It's not that bad if you consider the time factor. Ever hear of zero-coupon bonds? You might not have, because they've faded from view, but they were fashionable in the 1980s. Sometimes, they were promoted as the perfect investment for an IRA.

Essentially, a zero-coupon bond is a bond whose coupons (interest payments) are stripped off and sold elsewhere. What's left is the principal payment on maturity. You can take a 30-year Treasury bond and make it into a "zero" by splitting the interest payments from the bond itself and assigning them elsewhere. Zero chop shops sold the coupons to different clients.

Since these bond pay nothing - nada - until the maturity date, they sell at a huge discount to the payoff at maturity. In essence, the huge discount is compensation for the nada you get over the life of the bond.

Back in the mid and late-1980s, you could still get 8% on long-term Treasuries. A twenty-five year zero would pay nothing over the life of the bond, except at the end. To yield 8%, a $1,000 twenty-five-year zero-coupon bond would have to be sold for only $146.

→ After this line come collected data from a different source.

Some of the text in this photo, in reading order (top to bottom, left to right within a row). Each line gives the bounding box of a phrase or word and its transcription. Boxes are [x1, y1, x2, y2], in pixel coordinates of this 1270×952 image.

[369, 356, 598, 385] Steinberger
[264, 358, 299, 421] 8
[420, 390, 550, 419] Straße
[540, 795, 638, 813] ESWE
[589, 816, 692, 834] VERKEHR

That's how the math works. In order to yield 8%, that zero has to be sold at about 1/7th of face value. The huge payout at the end is compensation for being locked out of any payment for the entire twenty-five years: for getting nothing until the big payday.

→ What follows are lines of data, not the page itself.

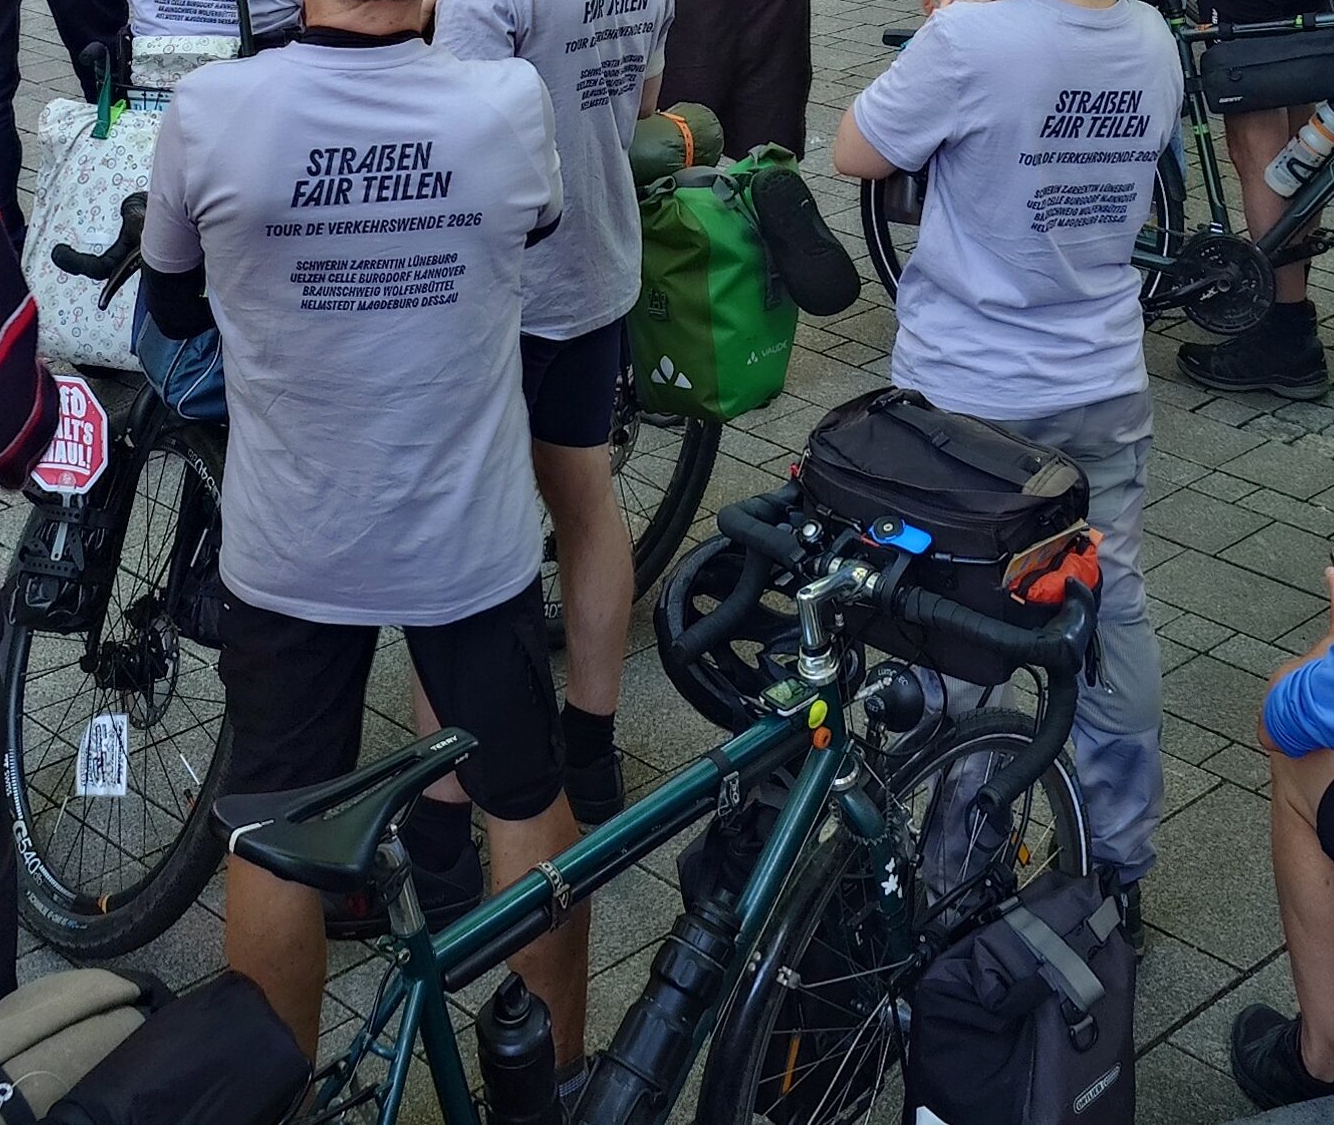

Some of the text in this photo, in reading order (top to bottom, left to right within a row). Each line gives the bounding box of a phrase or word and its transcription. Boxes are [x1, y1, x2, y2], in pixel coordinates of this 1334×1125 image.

[565, 36, 588, 54] TOUR
[1055, 90, 1143, 114] STRAßEN
[1040, 115, 1151, 139] FAIR TEILEN
[306, 141, 433, 177] STRAßEN
[1019, 153, 1042, 167] TOUR
[1042, 152, 1056, 164] DE
[1056, 150, 1137, 164] VERKEHRSWENDE
[290, 171, 453, 208] FAIR TEILEN
[265, 212, 483, 237] TOUR DE VERKEHRSWENDE 2026
[295, 253, 458, 272] SCHWERIN ZARRENTIN LÜNEBURG
[290, 265, 466, 284] UELZEN CELLE BURGDORF HANNOVER
[302, 280, 455, 298] BRAUNSCHWEIG WOLFENBÜTTEL
[300, 292, 459, 311] HELMSTEDT MAGDEBURG DESSAU
[761, 339, 788, 357] VAUDE
[53, 417, 94, 445] ALT'S
[429, 735, 458, 752] TERRY
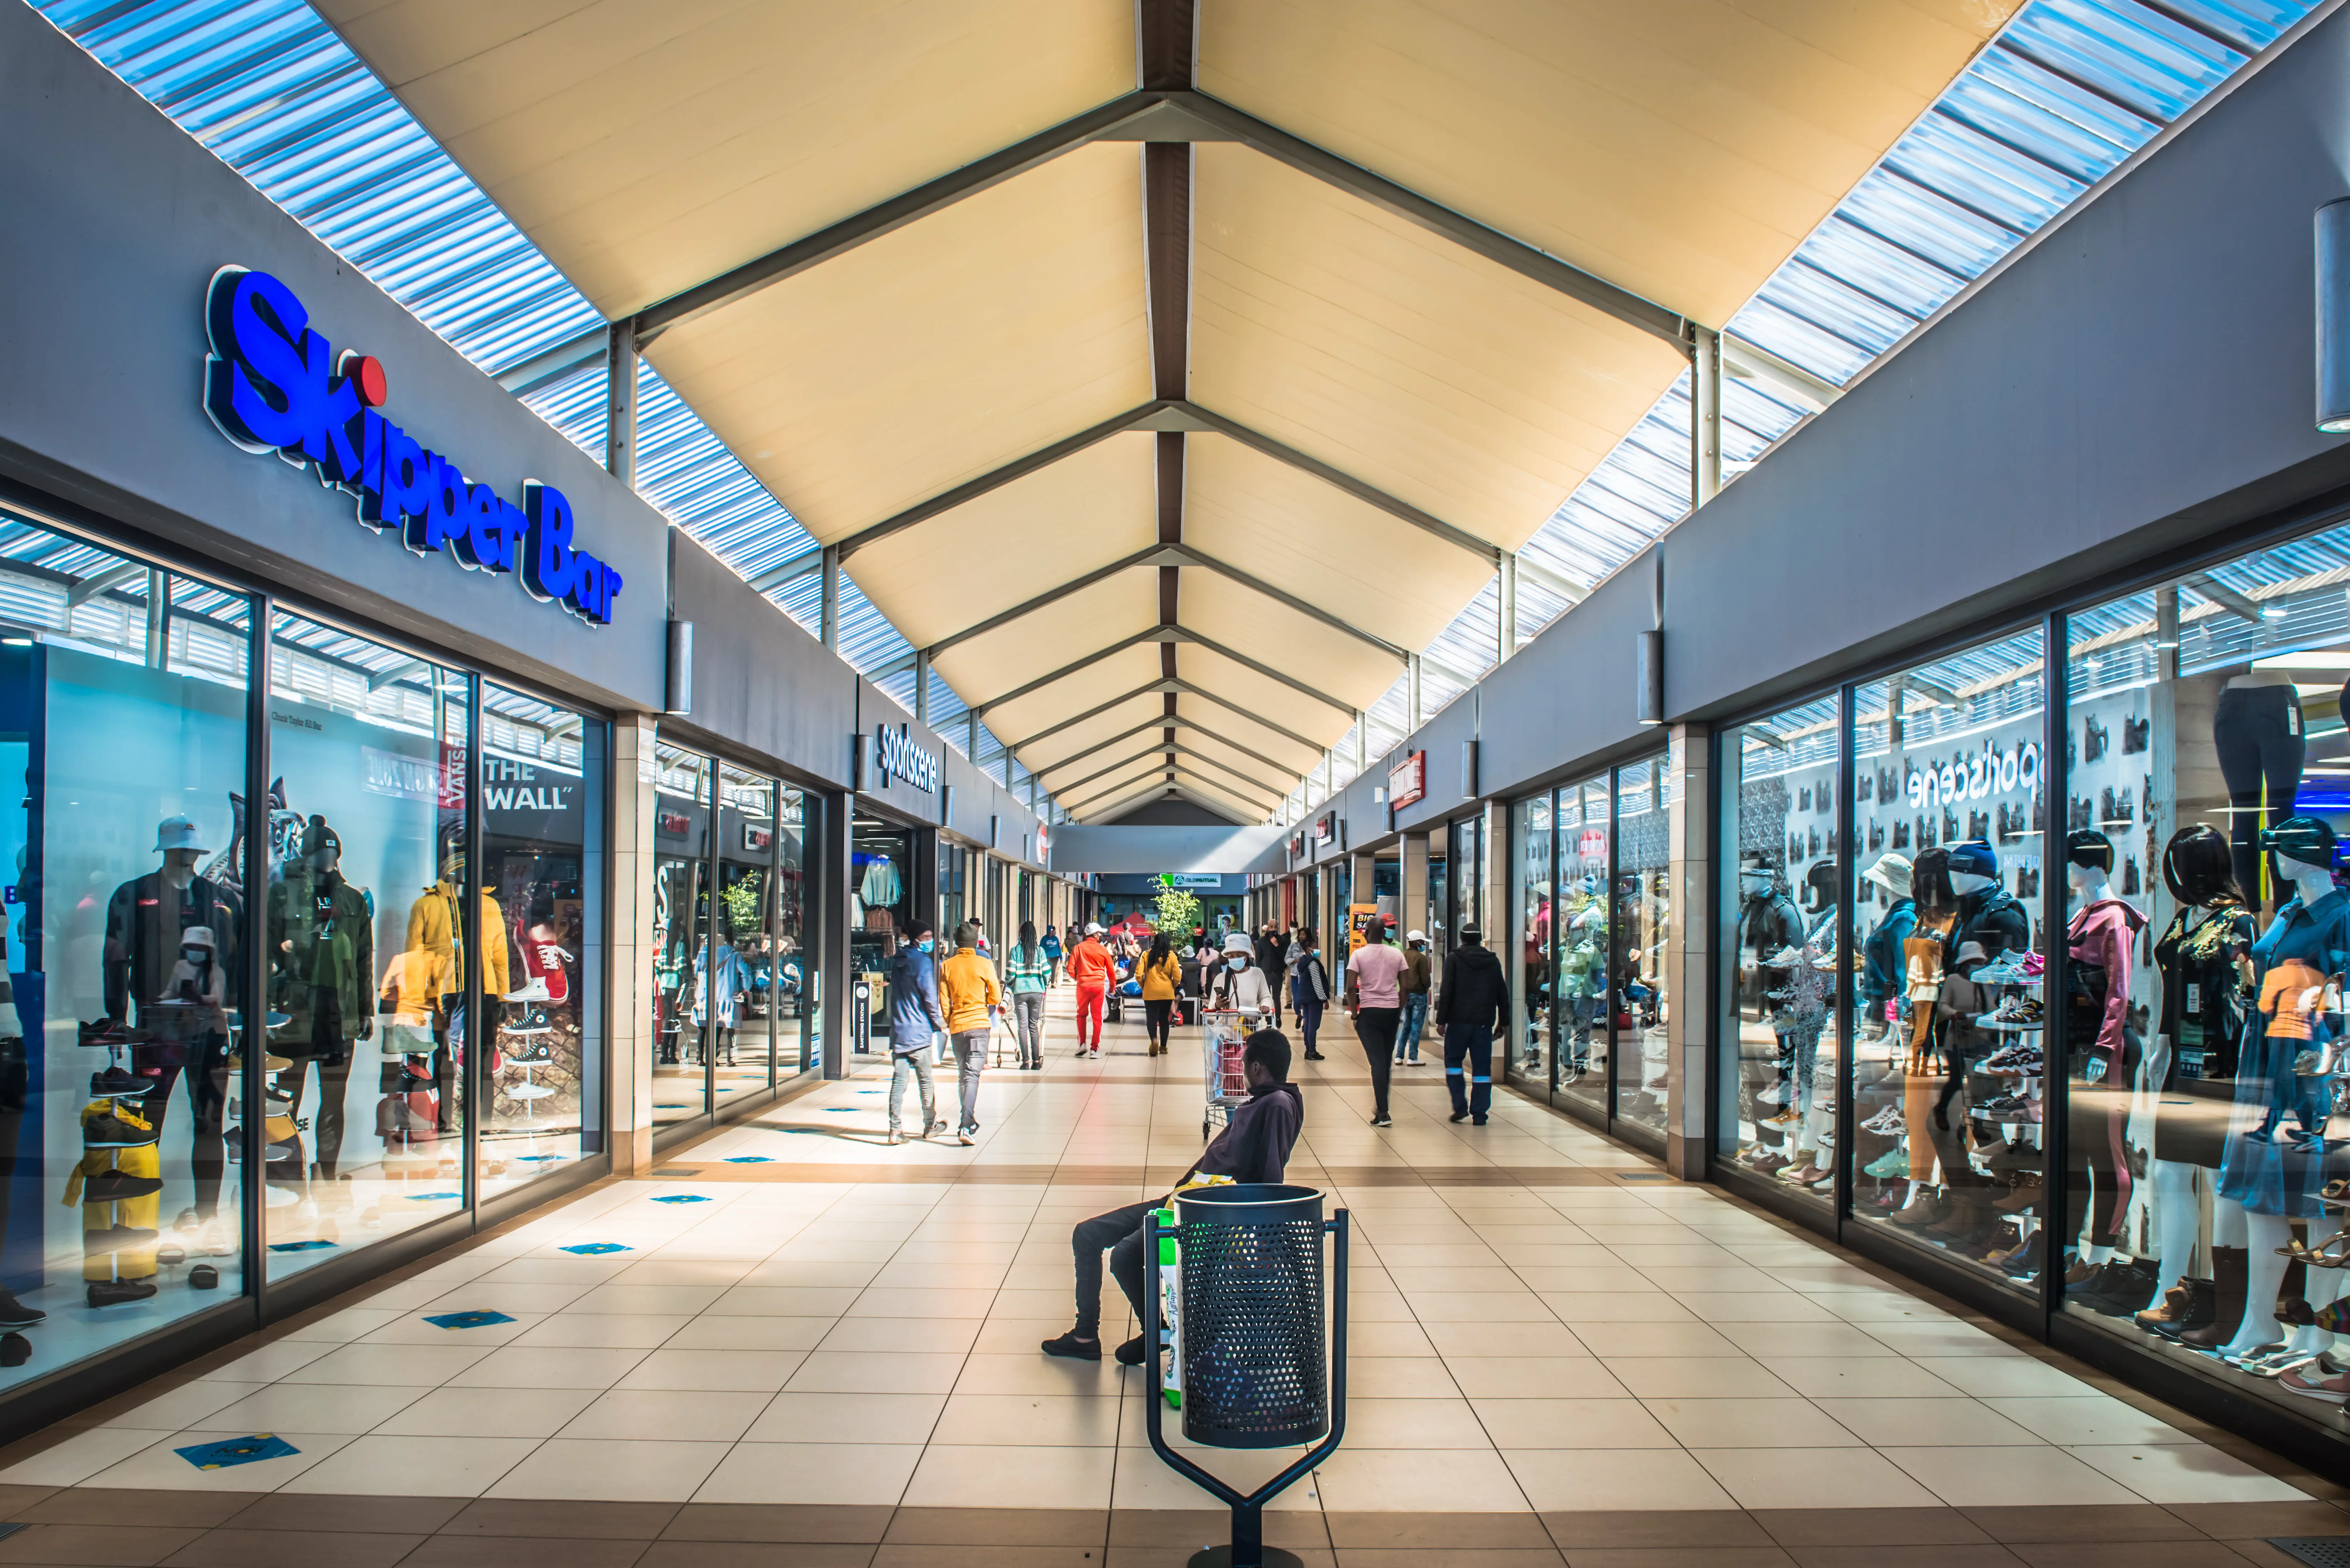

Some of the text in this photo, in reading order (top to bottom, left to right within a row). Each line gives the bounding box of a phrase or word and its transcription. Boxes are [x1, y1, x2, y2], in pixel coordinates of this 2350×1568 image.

[221, 268, 623, 625] Skipper Bar
[271, 711, 288, 723] Chuck
[289, 715, 304, 727] Taylor
[485, 760, 535, 781] THE
[880, 723, 937, 794] sportscene

A "capital appreciation bond" is a zero-coupon bond. From that article, I inferred that one of them had a wait period of forty years (!) No joke: a forty-year CAP that pays off $15 per dollar of original loan yields a wee bit more than 7%. Seven percent per year: that's how the compound-interest math works out.

So the vig looks huge only because it's pushed back into a lump sum at the end.

(I found that, when some dealie seems outrageous, that it's best to imagine I'm on the other side of the transaction...)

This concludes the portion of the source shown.